What you need to do:
What is needed is an exact repeat of the entries, with no pictures in it.

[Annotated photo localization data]
___

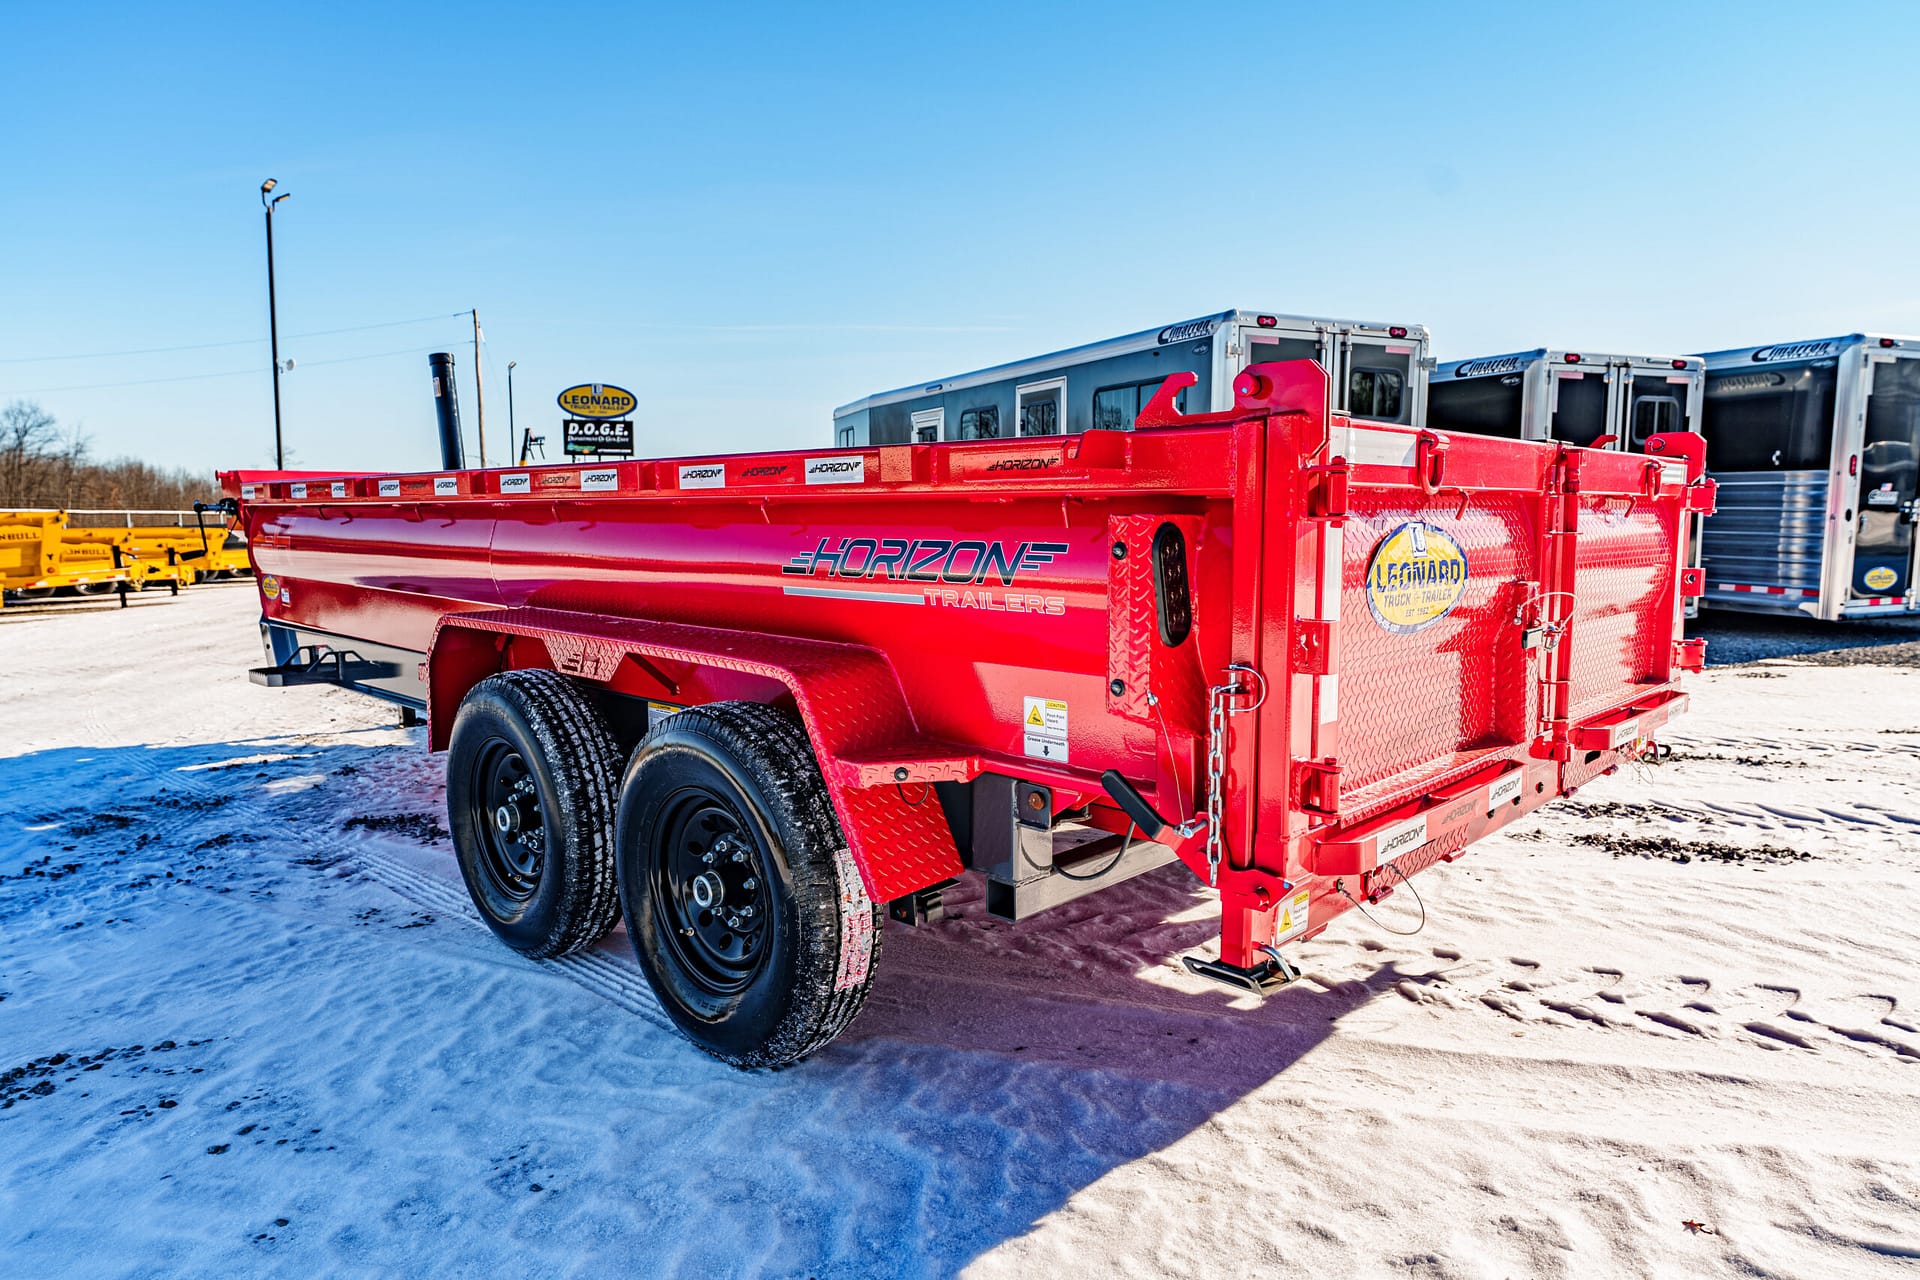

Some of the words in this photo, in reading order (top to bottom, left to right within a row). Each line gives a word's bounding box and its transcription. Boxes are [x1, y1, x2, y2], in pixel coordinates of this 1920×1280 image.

[1158, 319, 1211, 345] Cimarron
[1752, 341, 1832, 362] Cimarron
[1455, 357, 1519, 378] Cimarron
[564, 395, 630, 406] LEONARD
[568, 422, 629, 436] D.O.G.E.
[682, 468, 723, 479] HORIZON
[741, 465, 788, 477] HORIZON
[809, 461, 861, 473] HORIZON
[986, 458, 1059, 471] HORIZON
[502, 478, 528, 486] HORIZON
[584, 473, 616, 483] HORIZON
[782, 537, 1069, 587] HORIZON
[1376, 559, 1460, 592] LEONARD
[923, 588, 1066, 616] TRAILERS
[1384, 593, 1410, 608] TRUCK
[1422, 589, 1453, 604] TRAILER
[1491, 777, 1521, 801] HORIZON
[1381, 824, 1426, 854] HORIZON
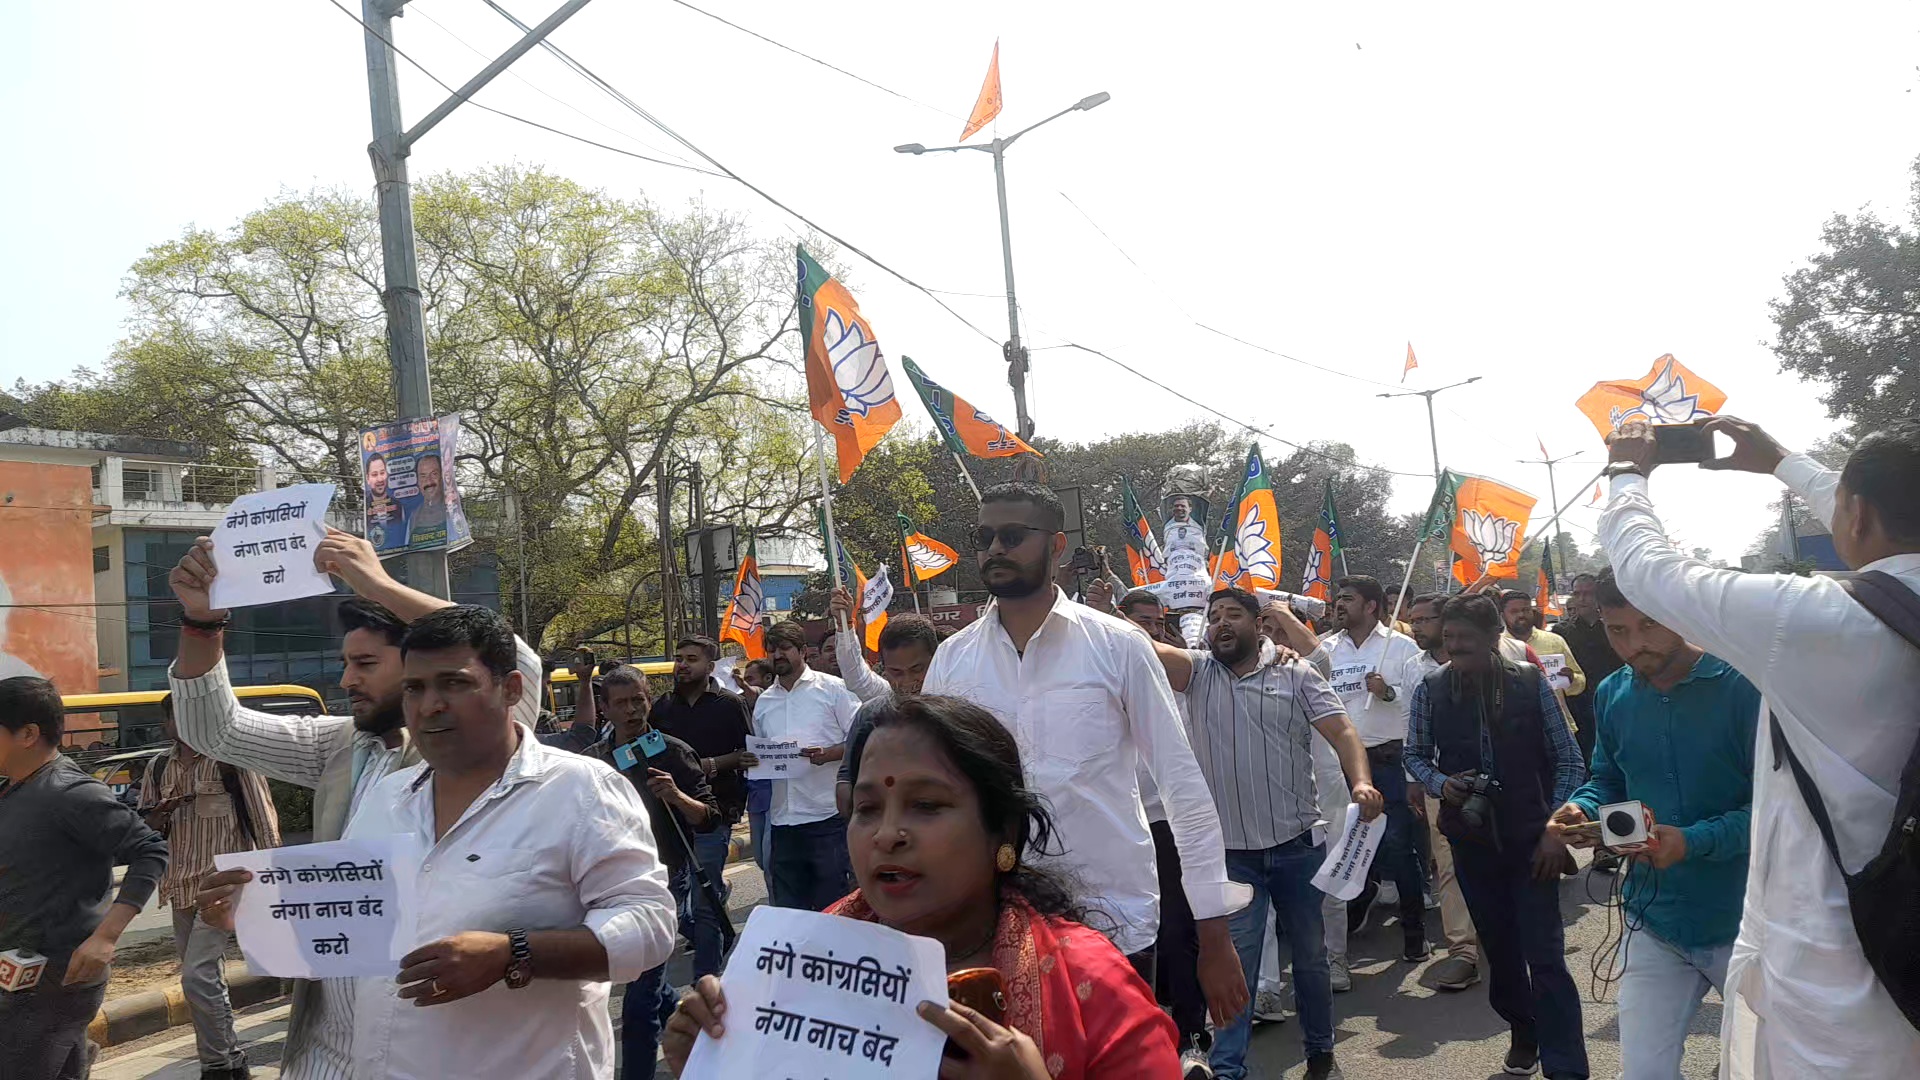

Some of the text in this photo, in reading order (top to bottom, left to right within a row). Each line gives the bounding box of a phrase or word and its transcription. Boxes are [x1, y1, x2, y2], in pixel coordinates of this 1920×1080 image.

___

Expected output:
Some of the words in this photo, in reading order (top to bottom, left to right within a row). Each line gives a word's bounding box and its transcription. Boxes are [x1, y1, x2, y2], in pixel coordinates of this 1920×1280 image.

[1158, 319, 1211, 345] Cimarron
[1752, 341, 1832, 362] Cimarron
[1455, 357, 1519, 378] Cimarron
[564, 395, 630, 406] LEONARD
[568, 422, 629, 436] D.O.G.E.
[682, 468, 723, 479] HORIZON
[741, 465, 788, 477] HORIZON
[809, 461, 861, 473] HORIZON
[986, 458, 1059, 471] HORIZON
[502, 478, 528, 486] HORIZON
[584, 473, 616, 483] HORIZON
[782, 537, 1069, 587] HORIZON
[1376, 559, 1460, 592] LEONARD
[923, 588, 1066, 616] TRAILERS
[1384, 593, 1410, 608] TRUCK
[1422, 589, 1453, 604] TRAILER
[1491, 777, 1521, 801] HORIZON
[1381, 824, 1426, 854] HORIZON

Some of the text in this photo, in reading order (top to bottom, left to right within a row). Each line gives the bounding box of a phrase or word and its transcription. Boxes are [x1, y1, x2, y2], in pixel coordinates of this 1920×1080 image.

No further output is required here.